*ABOUT THIS EXERCISE*
Exclude images and print all the records verbatim.

========================

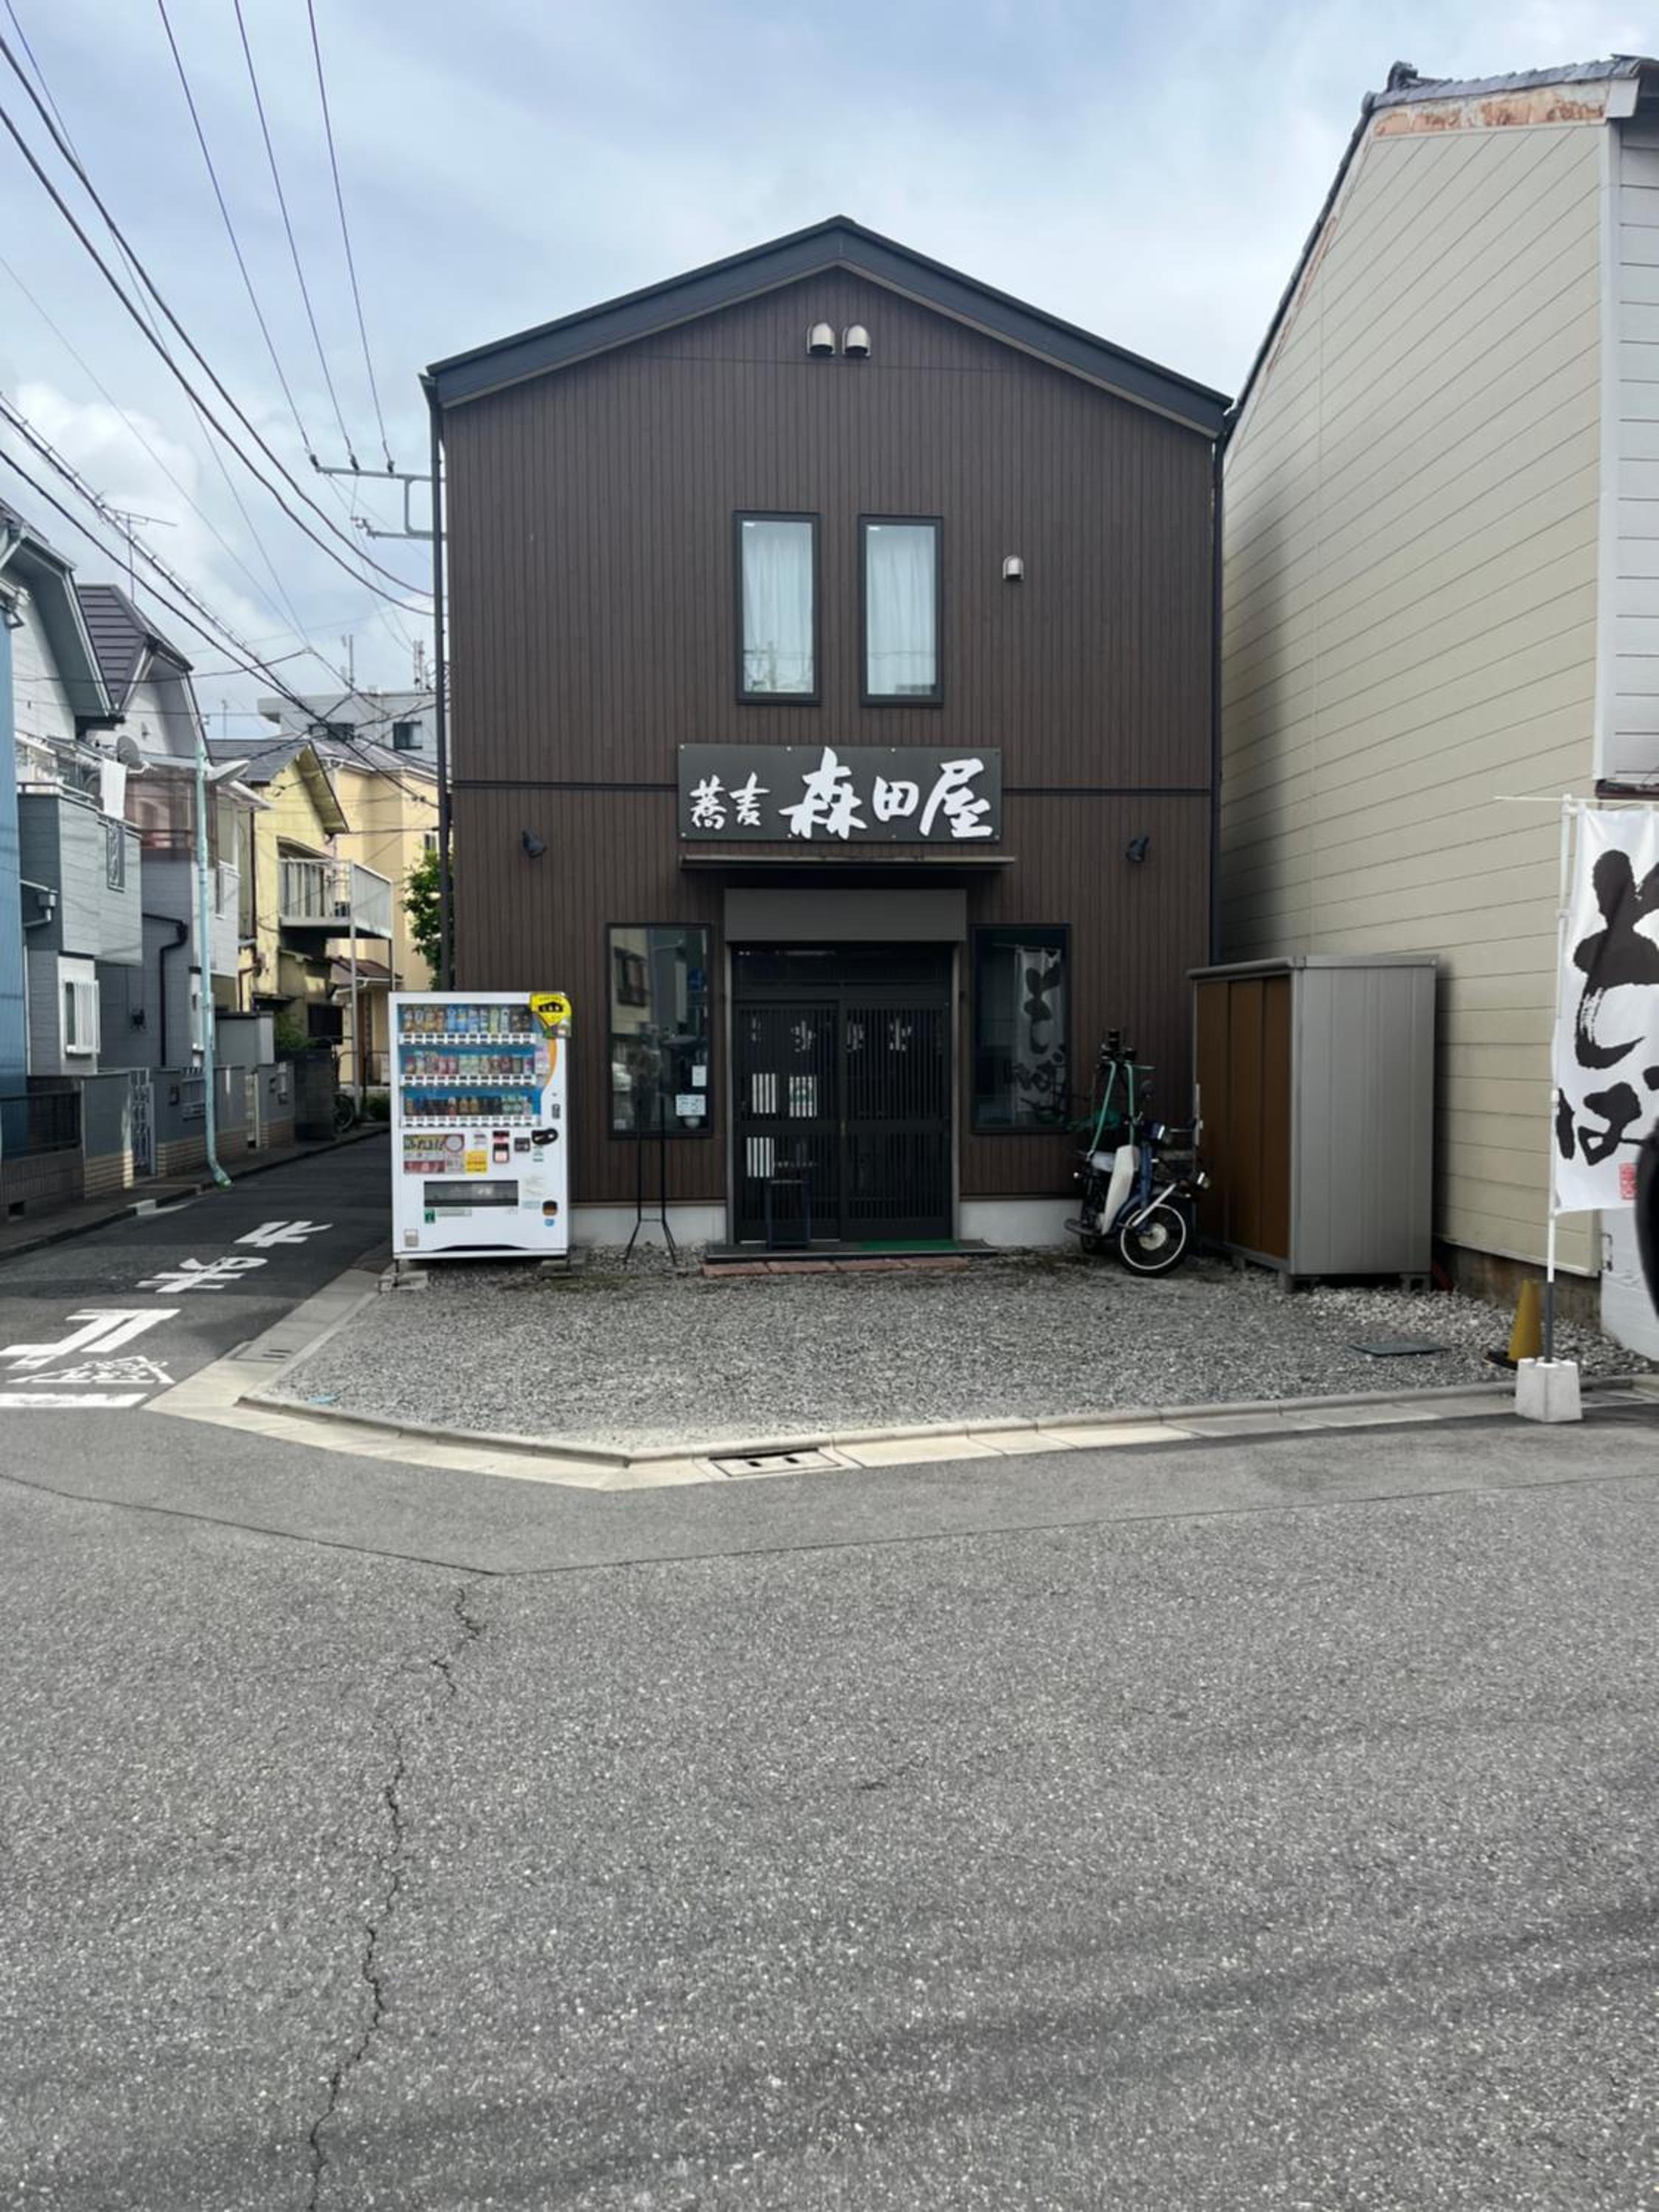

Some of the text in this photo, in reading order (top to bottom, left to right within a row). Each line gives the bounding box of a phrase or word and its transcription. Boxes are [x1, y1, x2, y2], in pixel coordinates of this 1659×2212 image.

[689, 746, 992, 840] 蕎麦 森田屋
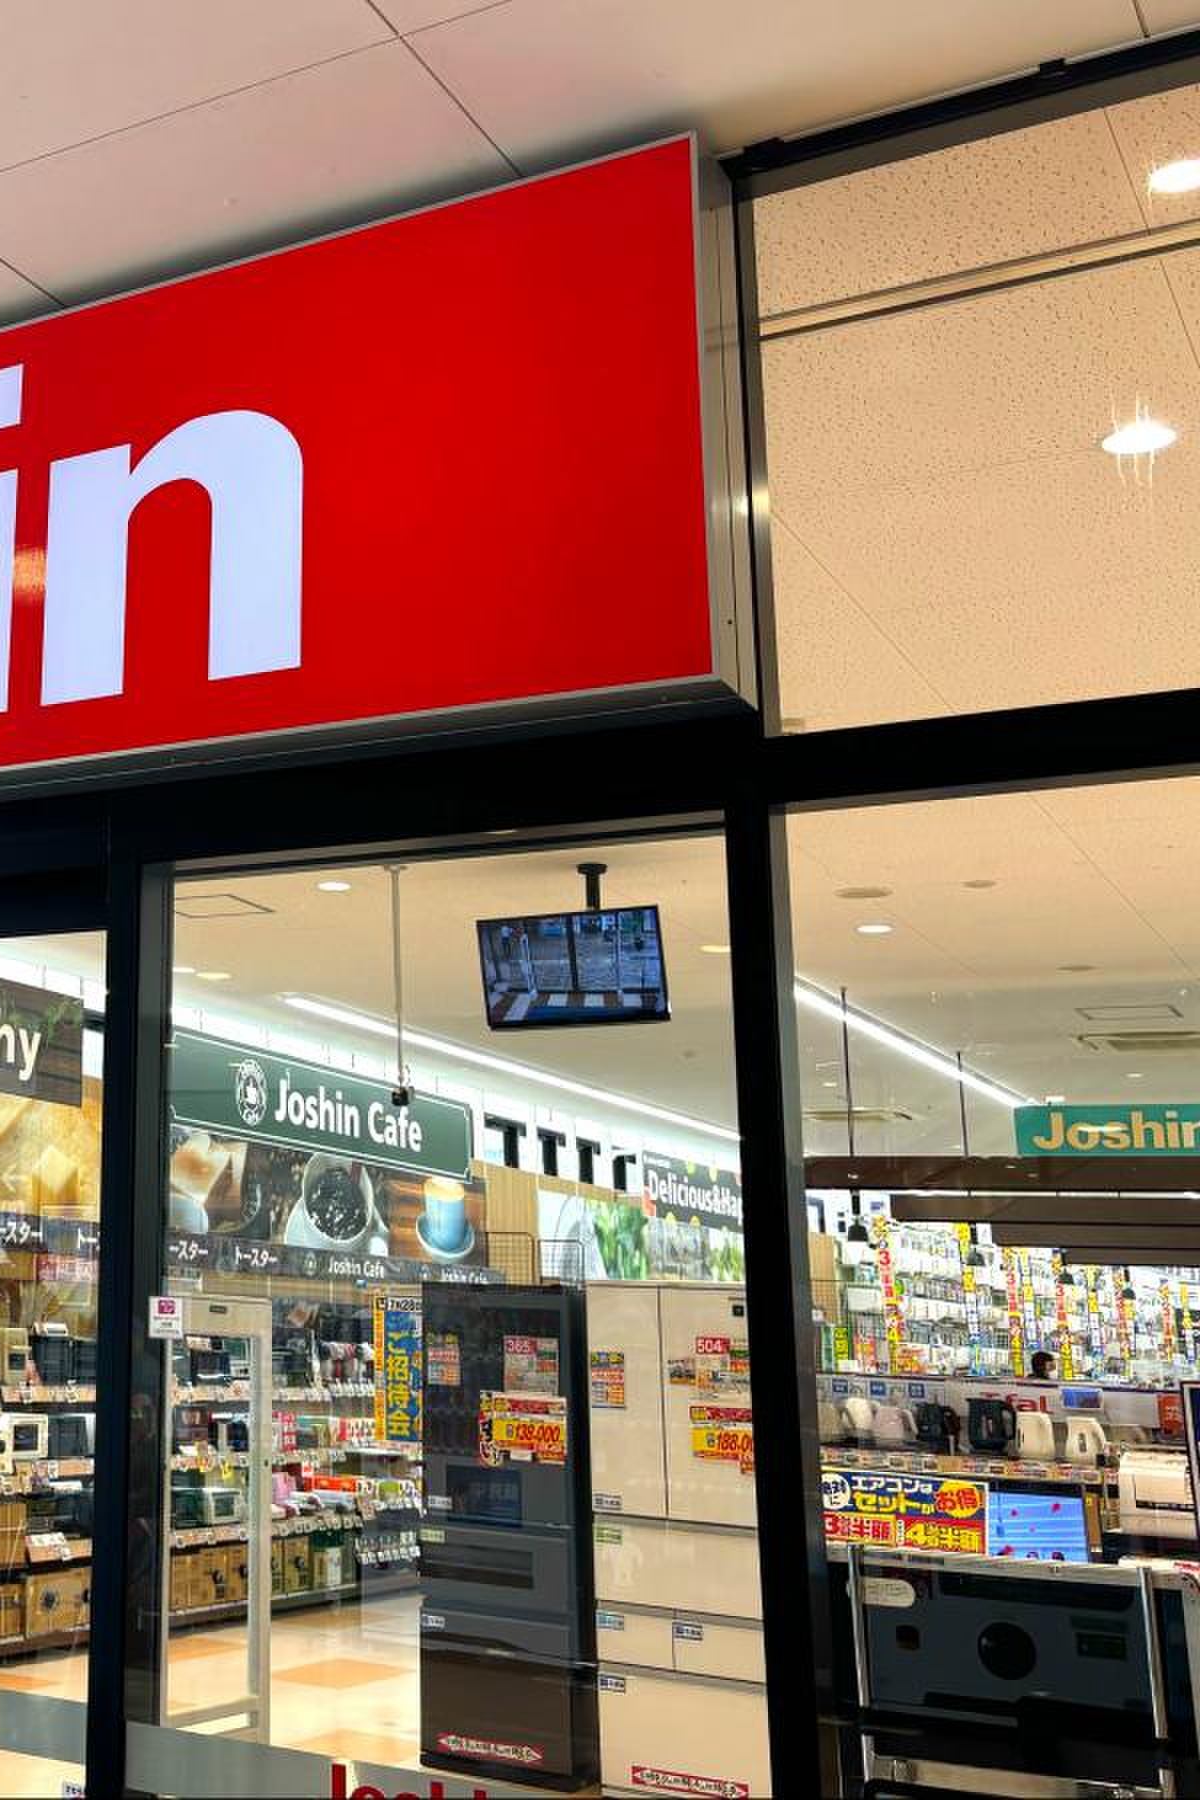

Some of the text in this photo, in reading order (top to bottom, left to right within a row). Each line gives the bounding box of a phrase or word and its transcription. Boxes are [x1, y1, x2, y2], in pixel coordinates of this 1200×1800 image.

[274, 1078, 422, 1152] Joshin Cafe
[235, 1246, 278, 1267] トースター
[328, 1256, 386, 1279] Joshin Cafe
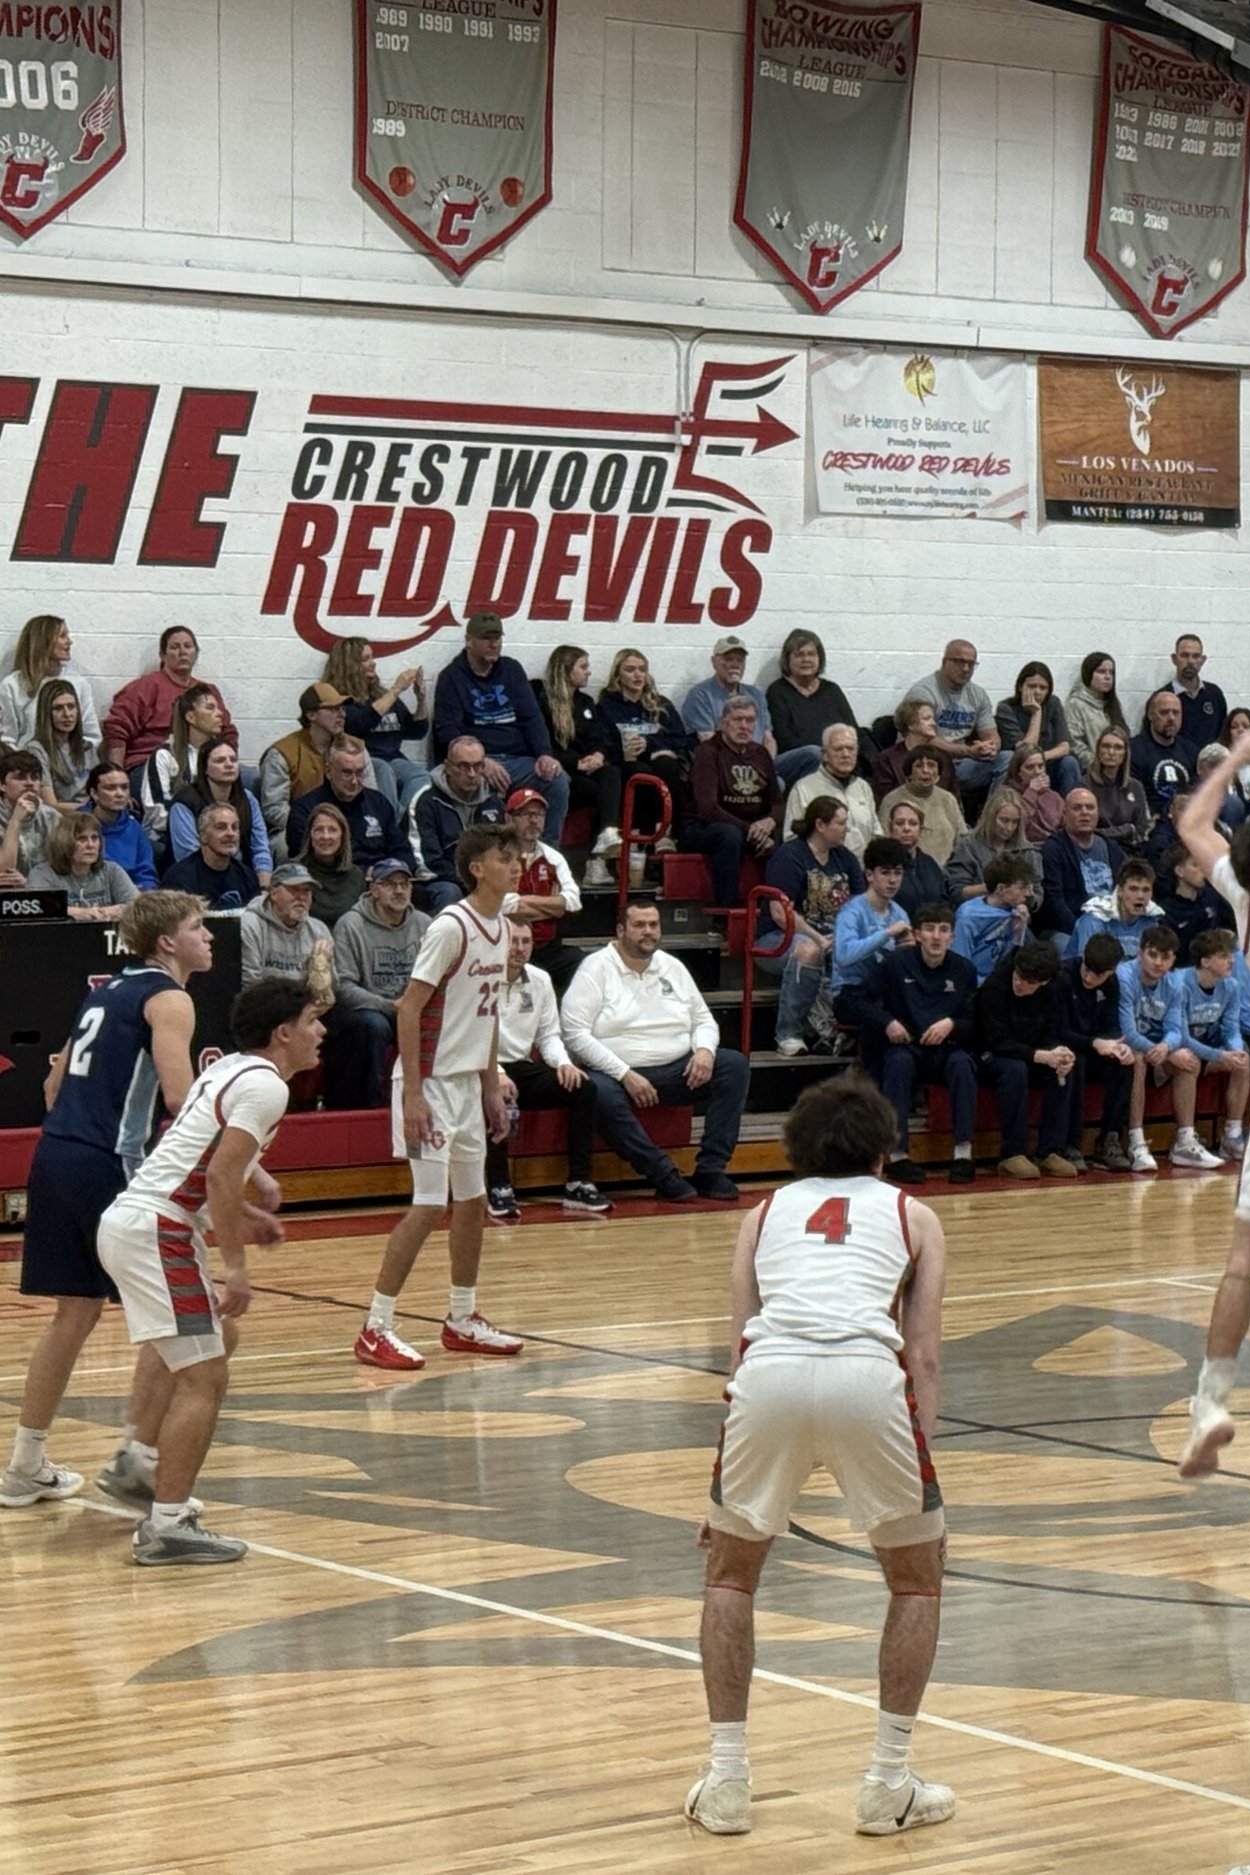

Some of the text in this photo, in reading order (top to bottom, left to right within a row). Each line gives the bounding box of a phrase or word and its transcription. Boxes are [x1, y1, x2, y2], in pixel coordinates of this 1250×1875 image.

========================

*TASK RESULT*
Some of the text in this photo, in reading order (top to bottom, left to right within a row). Each line gives the bounding box of a phrase or word and its transcription. Boxes are [x1, y1, x2, y2], in pixel coordinates of this 1659×2212 image.

[689, 746, 992, 840] 蕎麦 森田屋

Some of the text in this photo, in reading order (top to bottom, left to right within a row). Each line gives the bounding box of a phrase or word and its transcription. Boxes are [x1, y1, x2, y2], in pixel coordinates of this 1200×1800 image.

[274, 1078, 422, 1152] Joshin Cafe
[235, 1246, 278, 1267] トースター
[328, 1256, 386, 1279] Joshin Cafe

Some of the text in this photo, in reading order (top to bottom, left to right within a row). Each line gives the bounding box of a phrase or word and its transcription. Boxes are [x1, y1, x2, y2], in pixel coordinates of this 1250×1875 image.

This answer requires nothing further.